* _YOUR OBJECTIVE_
Your output should be the records below, word for word and picture-free.
+++ DATA FOR THE TASK +++
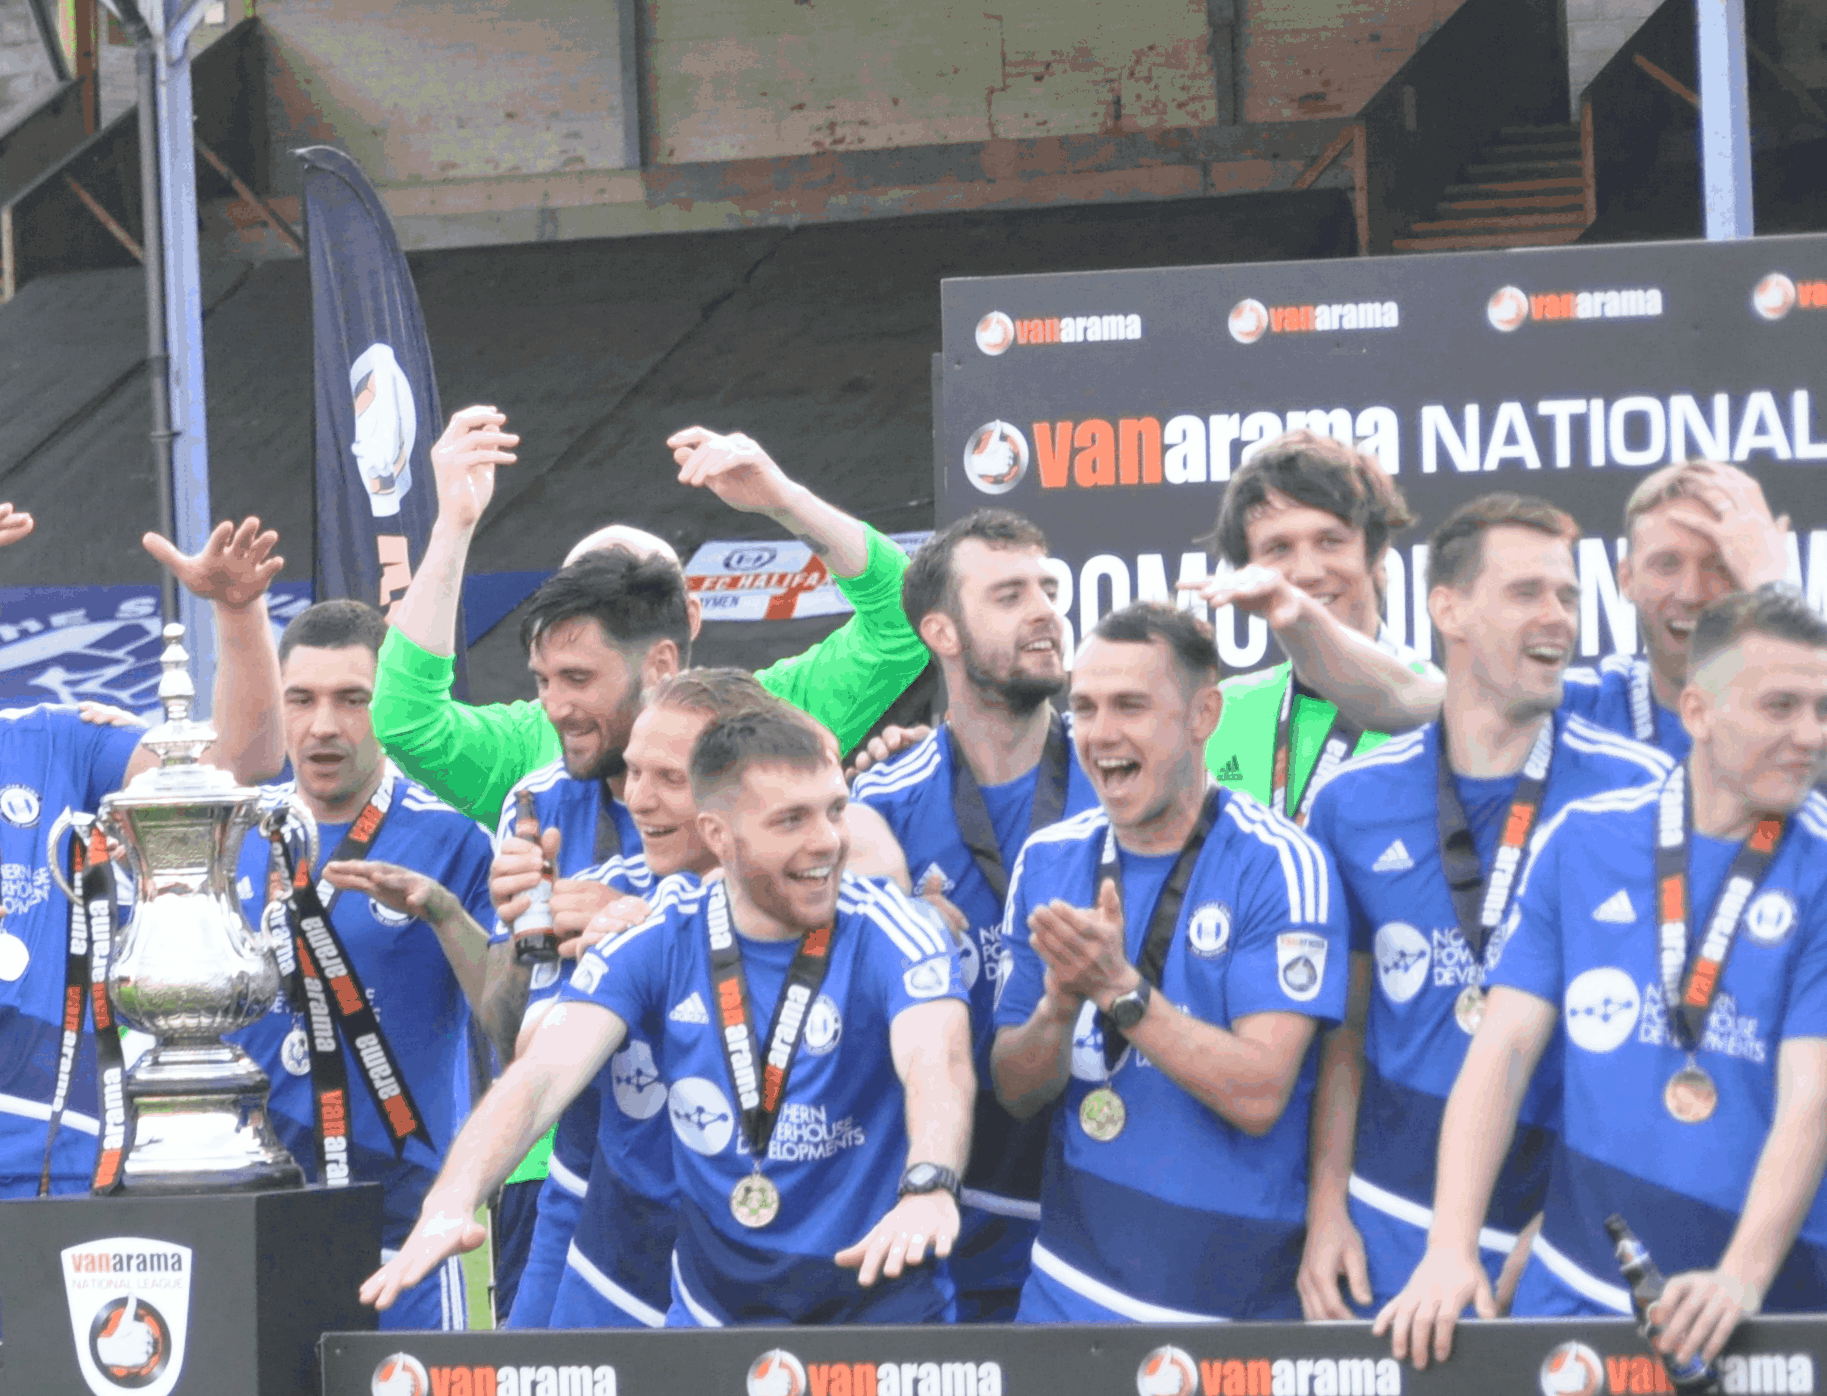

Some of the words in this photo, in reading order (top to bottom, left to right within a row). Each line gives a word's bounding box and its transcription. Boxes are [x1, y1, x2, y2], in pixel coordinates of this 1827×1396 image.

[1270, 298, 1399, 333] vanarama
[1530, 284, 1663, 320] vanarama
[1016, 309, 1142, 347] vanarama
[1420, 388, 1827, 474] NATIONAL
[737, 570, 821, 589] HALIFA
[718, 976, 760, 1110] vanarama
[71, 1252, 183, 1274] vanarama
[1605, 1354, 1814, 1396] vaama
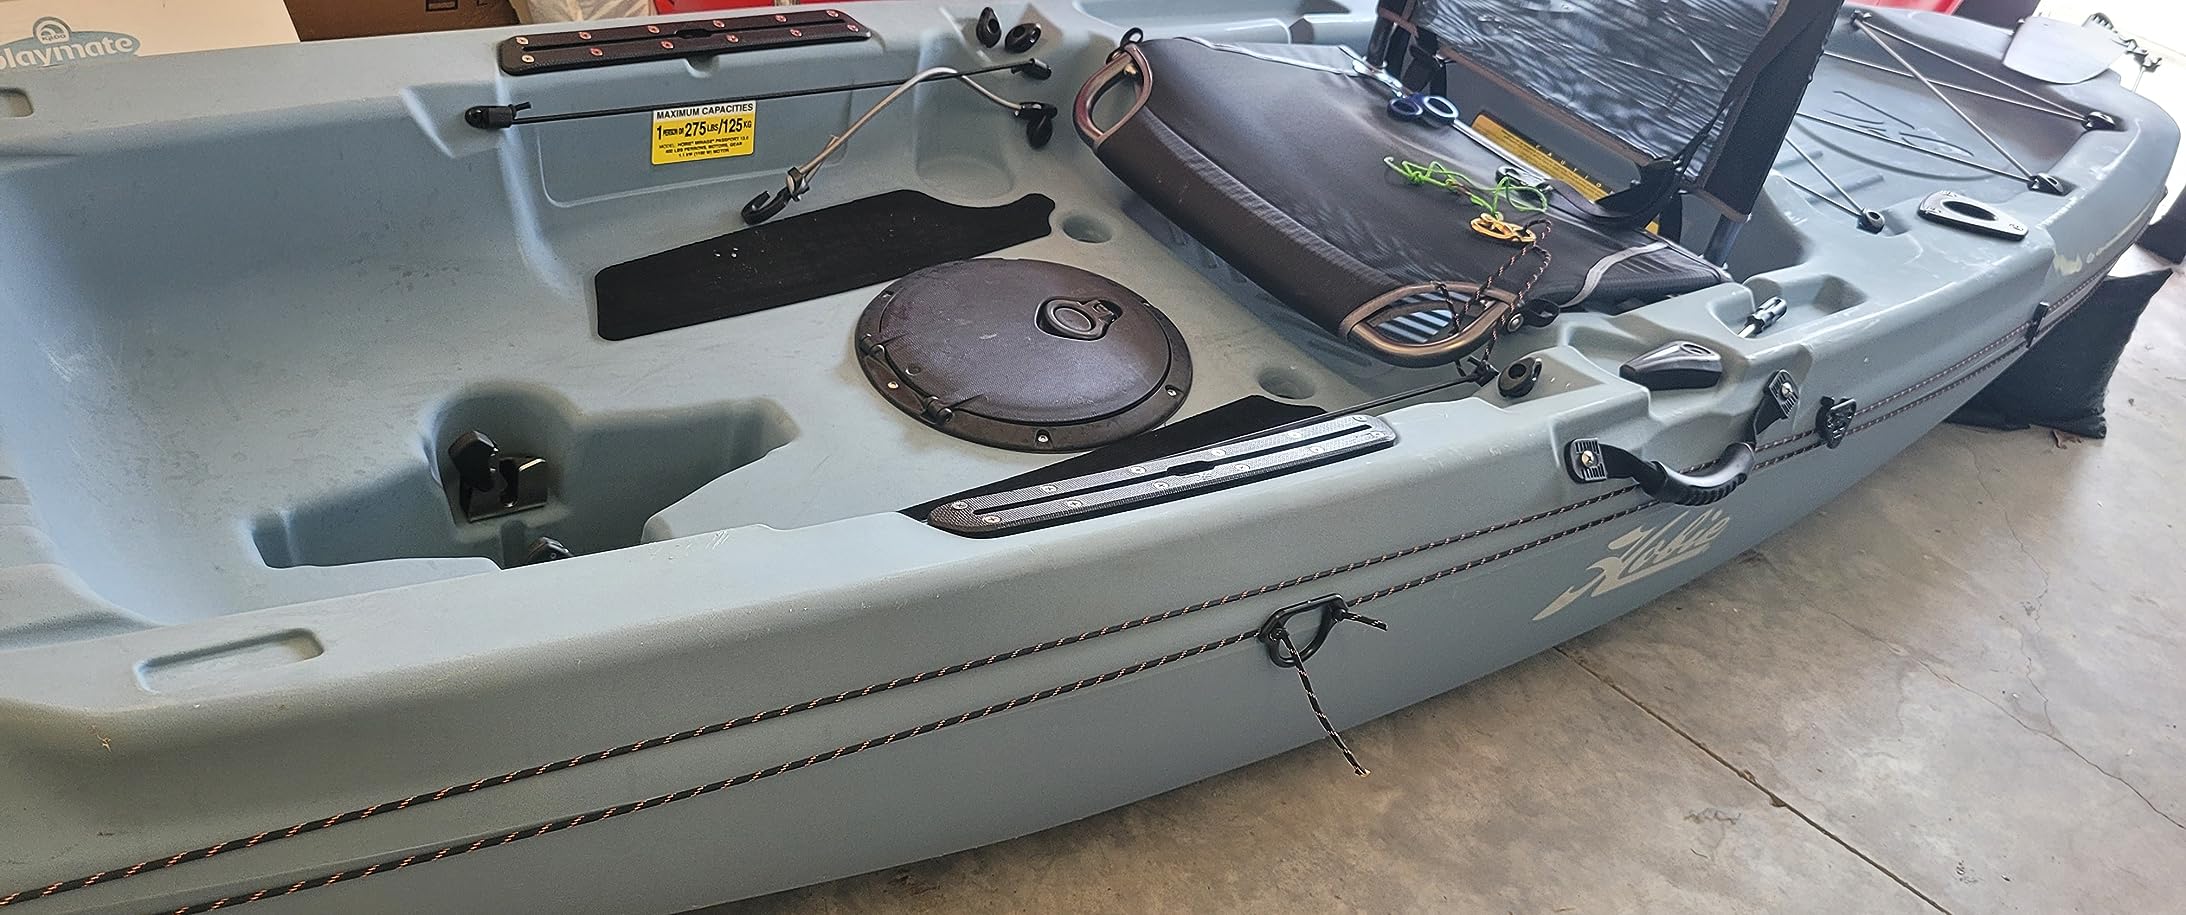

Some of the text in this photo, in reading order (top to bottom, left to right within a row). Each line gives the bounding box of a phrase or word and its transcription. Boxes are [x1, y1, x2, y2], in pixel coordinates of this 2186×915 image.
+++
* _ANSWER SPACE_
Some of the words in this photo, in reading order (top to bottom, left to right within a row). Each line gives a word's bounding box and its transcription. Boxes are [x1, y1, x2, y2], in pixel coordinates of this 1827×1396 image.

[1270, 298, 1399, 333] vanarama
[1530, 284, 1663, 320] vanarama
[1016, 309, 1142, 347] vanarama
[1420, 388, 1827, 474] NATIONAL
[737, 570, 821, 589] HALIFA
[718, 976, 760, 1110] vanarama
[71, 1252, 183, 1274] vanarama
[1605, 1354, 1814, 1396] vaama

Some of the text in this photo, in reading order (top to bottom, left to right within a row). Each line gives the bounding box of a phrase or word and its transcription. Boxes are [x1, y1, x2, y2], in pixel coordinates of this 2186×915 image.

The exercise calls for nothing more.